Menurut M. Said dalam bukunya yang berjudul Pendidikan abad kedua puluh; dengan latar belakang kebudayaannya, semenjak Indonesia mencapai kemerdekaannya dalam tahun 1945, kembalilah bangsa Indonesia mempunyai sistem pendidikannya sendiri setelah selama penjajahan diberi pendidikan colonial oleh pemerintah Belanda dan pendidikan berdasarkan agama Kristen oleh missi dan zending. Sebelum masa penjajahan bangsa Indonesia telah mempunyai Pendidikan Islam dalam bentuk pondok pesantren di berbagai tempat di seluruh Indonesia. Pendidikan dalam pondok pesantren ini telah melalui zaman penjajahan dan sampai sekarang masih terus hidup, diasuh oleh Departemen Agama. System pendidikan agama Islam ini lengkap pula dengan adanya tingkatan-tingkatan yang sama dengan Sekolah Dasar, Sekolah Menengah, dan Sekolah Tinggi di dalam Departemen Pendidikan dan Kebudayaan (Pendidikan Nasional-pent). Kedua system pendidikan itu paralel.
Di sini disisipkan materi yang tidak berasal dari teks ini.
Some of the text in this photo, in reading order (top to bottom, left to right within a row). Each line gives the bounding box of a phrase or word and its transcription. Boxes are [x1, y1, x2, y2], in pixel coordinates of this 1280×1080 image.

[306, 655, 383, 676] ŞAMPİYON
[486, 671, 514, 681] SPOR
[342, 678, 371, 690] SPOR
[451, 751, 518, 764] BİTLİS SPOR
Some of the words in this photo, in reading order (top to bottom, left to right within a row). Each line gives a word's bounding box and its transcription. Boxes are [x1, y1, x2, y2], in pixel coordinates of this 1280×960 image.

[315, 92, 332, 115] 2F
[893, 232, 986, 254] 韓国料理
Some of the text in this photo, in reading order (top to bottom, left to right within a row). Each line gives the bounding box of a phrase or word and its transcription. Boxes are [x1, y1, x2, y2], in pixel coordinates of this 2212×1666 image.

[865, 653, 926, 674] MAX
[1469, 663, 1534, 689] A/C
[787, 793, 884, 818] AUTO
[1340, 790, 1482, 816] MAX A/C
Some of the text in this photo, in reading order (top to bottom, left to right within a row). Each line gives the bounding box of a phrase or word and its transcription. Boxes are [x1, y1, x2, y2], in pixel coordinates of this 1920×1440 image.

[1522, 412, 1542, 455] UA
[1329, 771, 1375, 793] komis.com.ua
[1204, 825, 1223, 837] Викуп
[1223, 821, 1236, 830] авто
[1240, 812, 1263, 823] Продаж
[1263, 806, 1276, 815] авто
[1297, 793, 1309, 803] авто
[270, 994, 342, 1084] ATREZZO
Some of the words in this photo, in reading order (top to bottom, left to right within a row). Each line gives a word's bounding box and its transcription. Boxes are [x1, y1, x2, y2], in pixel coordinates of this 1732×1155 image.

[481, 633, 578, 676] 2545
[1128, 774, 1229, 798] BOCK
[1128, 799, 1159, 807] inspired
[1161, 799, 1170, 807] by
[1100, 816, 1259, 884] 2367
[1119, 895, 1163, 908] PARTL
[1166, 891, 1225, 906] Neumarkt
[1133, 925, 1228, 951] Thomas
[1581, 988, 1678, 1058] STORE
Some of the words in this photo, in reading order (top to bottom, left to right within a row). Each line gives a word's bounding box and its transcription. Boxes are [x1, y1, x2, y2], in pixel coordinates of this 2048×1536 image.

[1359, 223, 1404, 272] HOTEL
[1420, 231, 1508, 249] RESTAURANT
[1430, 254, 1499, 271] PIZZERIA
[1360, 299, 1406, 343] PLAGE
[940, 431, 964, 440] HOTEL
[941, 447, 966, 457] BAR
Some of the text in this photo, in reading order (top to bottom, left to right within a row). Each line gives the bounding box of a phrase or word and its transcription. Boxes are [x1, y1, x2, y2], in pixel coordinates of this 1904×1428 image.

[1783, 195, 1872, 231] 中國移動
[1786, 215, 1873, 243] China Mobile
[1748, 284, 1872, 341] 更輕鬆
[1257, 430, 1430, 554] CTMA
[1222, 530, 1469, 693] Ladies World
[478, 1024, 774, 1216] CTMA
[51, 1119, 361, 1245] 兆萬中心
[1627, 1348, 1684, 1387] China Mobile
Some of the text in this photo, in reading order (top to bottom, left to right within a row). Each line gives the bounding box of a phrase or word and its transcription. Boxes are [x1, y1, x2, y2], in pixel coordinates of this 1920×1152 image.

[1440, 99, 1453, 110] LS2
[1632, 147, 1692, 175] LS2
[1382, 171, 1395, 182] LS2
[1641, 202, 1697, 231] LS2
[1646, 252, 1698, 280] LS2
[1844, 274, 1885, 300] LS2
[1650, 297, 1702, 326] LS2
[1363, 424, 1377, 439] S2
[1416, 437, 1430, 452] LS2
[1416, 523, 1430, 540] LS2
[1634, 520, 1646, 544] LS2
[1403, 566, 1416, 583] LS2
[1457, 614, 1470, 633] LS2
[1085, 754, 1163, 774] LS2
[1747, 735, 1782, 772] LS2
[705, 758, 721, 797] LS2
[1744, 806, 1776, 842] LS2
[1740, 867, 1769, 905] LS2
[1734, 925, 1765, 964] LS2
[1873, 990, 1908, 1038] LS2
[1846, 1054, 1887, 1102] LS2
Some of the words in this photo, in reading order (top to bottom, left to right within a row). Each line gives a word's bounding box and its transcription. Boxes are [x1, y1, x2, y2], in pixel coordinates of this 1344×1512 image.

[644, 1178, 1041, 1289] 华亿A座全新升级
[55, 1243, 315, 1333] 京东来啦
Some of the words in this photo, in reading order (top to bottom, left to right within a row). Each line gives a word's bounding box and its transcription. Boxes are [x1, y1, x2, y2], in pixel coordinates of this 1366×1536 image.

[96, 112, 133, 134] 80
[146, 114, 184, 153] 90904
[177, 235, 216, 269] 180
Artinya suatu pendidikan Isalam memang sudah ada dan bisa dikatakan pendidikan tertua yang ada di Indonesia, tetapi pendidikan pada waktu itu dikenal dengan pesantren-pesantren yang dilaksanakan pada mesjid dan tempat-tempat yang sudah ditentukan tidak seperti sekarang yang disediakannya suatu lembaga khusus.
Menurut Alkomi Ashari dalam blognya seksi PAIS (Kantor Kementrian Agama Tanggerang Seksi Pendidikan Agama Islam), mengutarakan bahwa ditengah-tengah berkobarnya revolusi fisik, pemerintah RI tetap membina pendidikan pada umumnya dan pendidikan agama pada khususnya. Pembinaan pendidikan agama itu secara formal institusional dipercayakan kepada Departemen Agama dan Departemen P dan K. Oleh karena itu, maka dikeluarkanlah peraturan-peraturan bersama antara kedua departemen tersebut untuk mengelola pendidikan agama di sekolah-sekolah umum baik negeri maupun swasta. Adapun pendidikan agama di sekolah agama ditangani oleh Departemen Agama sendiri.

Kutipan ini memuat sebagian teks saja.